Huang-Lian-Jie-Du decoction inhibits CD4+ T cell infiltration into CNS in MCAO rats by regulating BBB

Abstract

Background: Stroke, especially ischemic stroke (IS), represents a major global health challenge due to its high incidence, disability, mortality, recurrence, and economic impact. The limited therapeutic window for thrombolysis underscores the need for new treatments. The blood-brain barrier (BBB), which protects the brain, becomes compromised following ischemia-reperfusion injury, allowing peripheral immune cell infiltration and subsequent neuroinflammation. Huang-Lian-Jie-Du Decoction (HLJDT), a traditional formula with significant neuroprotective effects demonstrated in preliminary studies and literature reviews, has not yet been fully explored for its potential to inhibit peripheral immune cell infiltration through BBB protection.

Purpose: This study aims to: (1) Evaluate the efficacy of HLJDT in treating MCAO. (2) Observe the regulatory effect of HLJDT on the infiltration of CD4+ T cells into the central nervous system. (3) Investigate the effect of HLJDT on the Wnt/β-Catenin Signaling Pathway.

Methods: A focal MCAO reperfusion model will be used to evaluate HLJDT's effects on neurological function (Zea Longa and Garcia scores), infarction volume (TTC staining), and pathological changes (HE and NISSL staining). Immune-inflammatory responses will be assessed using ELISA for cytokines, flow cytometry for T lymphocyte distribution, and immunofluorescence staining for CD4+ T cell infiltration. The interaction of T cell antigens (LFA-1) and endothelial adhesion molecules (ICAM-1) will be studied with ELISA and immunofluorescence. BBB protection will be evaluated with Evans blue staining and transmission electron microscopy. Mechanisms of T cell infiltration will be examined using transmission electron microscopy and Western blotting (WB) for key proteins. Additionally, the impact of HLJDT on the Wnt/β-catenin pathway will be assessed with WB.

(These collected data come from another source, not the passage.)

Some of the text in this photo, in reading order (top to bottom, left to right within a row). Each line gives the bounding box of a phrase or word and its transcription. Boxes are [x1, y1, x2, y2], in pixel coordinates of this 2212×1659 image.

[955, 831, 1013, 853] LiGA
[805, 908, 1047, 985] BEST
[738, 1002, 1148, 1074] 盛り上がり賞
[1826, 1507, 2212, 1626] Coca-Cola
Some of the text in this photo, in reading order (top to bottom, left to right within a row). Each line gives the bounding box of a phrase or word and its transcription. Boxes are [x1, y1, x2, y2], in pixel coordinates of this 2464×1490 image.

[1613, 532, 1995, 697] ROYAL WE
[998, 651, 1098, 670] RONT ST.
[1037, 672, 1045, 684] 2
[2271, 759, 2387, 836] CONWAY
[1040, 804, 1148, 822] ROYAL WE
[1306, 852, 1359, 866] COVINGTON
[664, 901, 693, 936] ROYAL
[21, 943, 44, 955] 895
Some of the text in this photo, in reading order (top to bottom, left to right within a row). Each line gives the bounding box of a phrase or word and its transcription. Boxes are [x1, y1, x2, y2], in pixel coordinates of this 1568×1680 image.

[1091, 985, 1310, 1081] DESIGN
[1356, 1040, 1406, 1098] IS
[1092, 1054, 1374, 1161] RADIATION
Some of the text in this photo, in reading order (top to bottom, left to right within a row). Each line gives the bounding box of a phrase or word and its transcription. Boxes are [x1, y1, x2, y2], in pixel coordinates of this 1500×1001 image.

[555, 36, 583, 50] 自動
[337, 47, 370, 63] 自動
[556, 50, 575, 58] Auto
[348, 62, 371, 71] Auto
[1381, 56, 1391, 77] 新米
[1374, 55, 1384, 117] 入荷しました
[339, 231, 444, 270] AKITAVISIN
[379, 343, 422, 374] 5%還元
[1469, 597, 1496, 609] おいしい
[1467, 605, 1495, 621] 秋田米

Results: HLJDT significantly improves neurological scores, reduces infarction volume, and mitigates pathological damage. It balances CD4+ T cell responses by inhibiting pro-inflammatory cytokines and enhancing anti-inflammatory ones, reducing CD4+ T cell CNS infiltration. HLJDT inhibits LFA-1/ICAM-1 interactions. It can also inhibit CD4+ T cell infiltration by repairing paracellular and transcellular structures of the BBB, with the Wnt/β-catenin signaling pathway playing a key role in this process.

Conclusion: We have innovatively demonstrated for the first time that HLJDT can regulate the balance between peripheral and central immune inflammation. It inhibits LFA-1/ICAM-1-mediated cell adhesion and, by modulating the Wnt/β-catenin pathway, improves the paracellular and transcellular structures of the blood-brain barrier, thereby suppressing CD4+ T cell infiltration and providing multifaceted protective effects for MCAO rats.

Keywords: Acute ischemic stroke; Blood-brain barrier; CD4+ T lymphocytes; Huang-Lian-Jie-Du Decoction; Immune inflammation.